[[ RECORD EXCERPTS open ]]

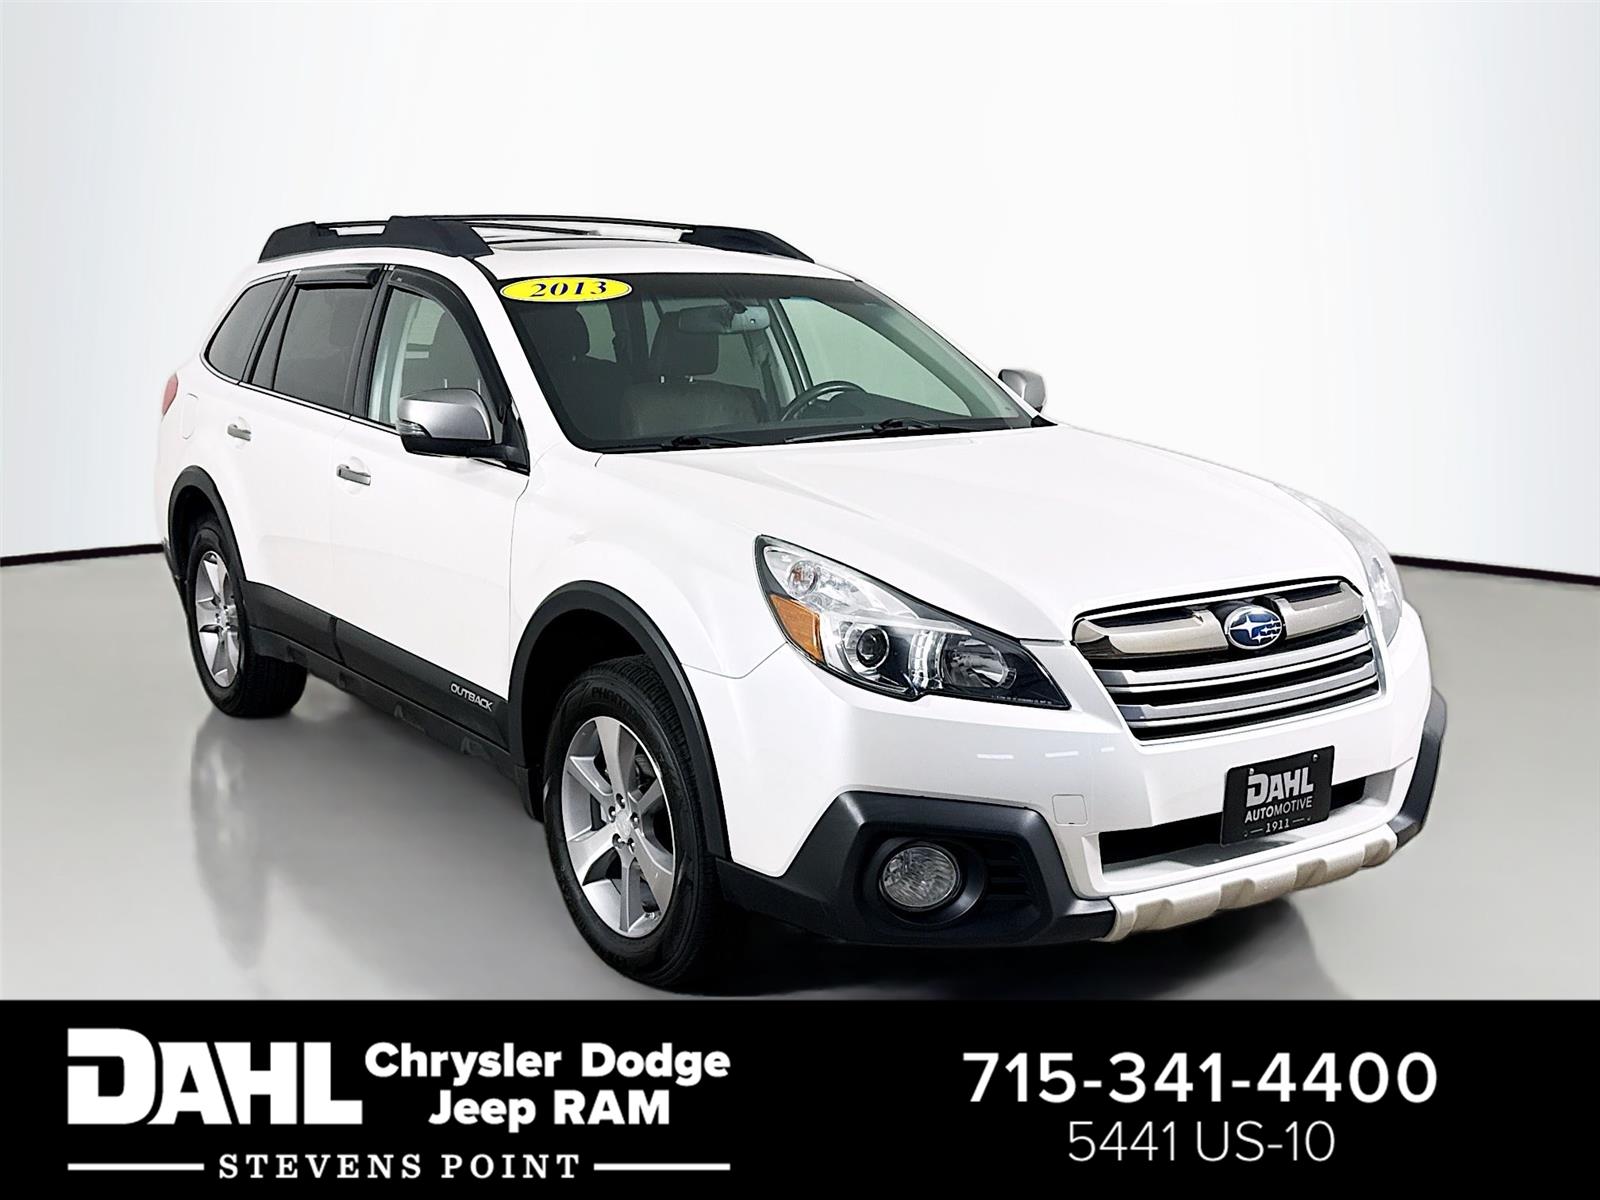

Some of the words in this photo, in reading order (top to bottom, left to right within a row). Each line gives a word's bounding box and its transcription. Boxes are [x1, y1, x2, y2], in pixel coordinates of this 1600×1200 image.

[530, 281, 606, 297] 2013
[450, 683, 493, 712] OUTBACK
[1246, 767, 1314, 808] DAHL
[1244, 796, 1313, 824] AUTOMOTIVE
[1265, 818, 1290, 833] 1911

[[ RECORD EXCERPTS closed ]]

• [WHAT YOU HAVE TO DO]: Without the pictures, write out every entry exactly as it appears.

• [ANSWER SPACE]:
Some of the words in this photo, in reading order (top to bottom, left to right within a row). Each line gives a word's bounding box and its transcription. Boxes are [x1, y1, x2, y2], in pixel coordinates of this 1600×1200 image.

[530, 281, 606, 297] 2013
[450, 683, 493, 712] OUTBACK
[1246, 767, 1314, 808] DAHL
[1244, 796, 1313, 824] AUTOMOTIVE
[1265, 818, 1290, 833] 1911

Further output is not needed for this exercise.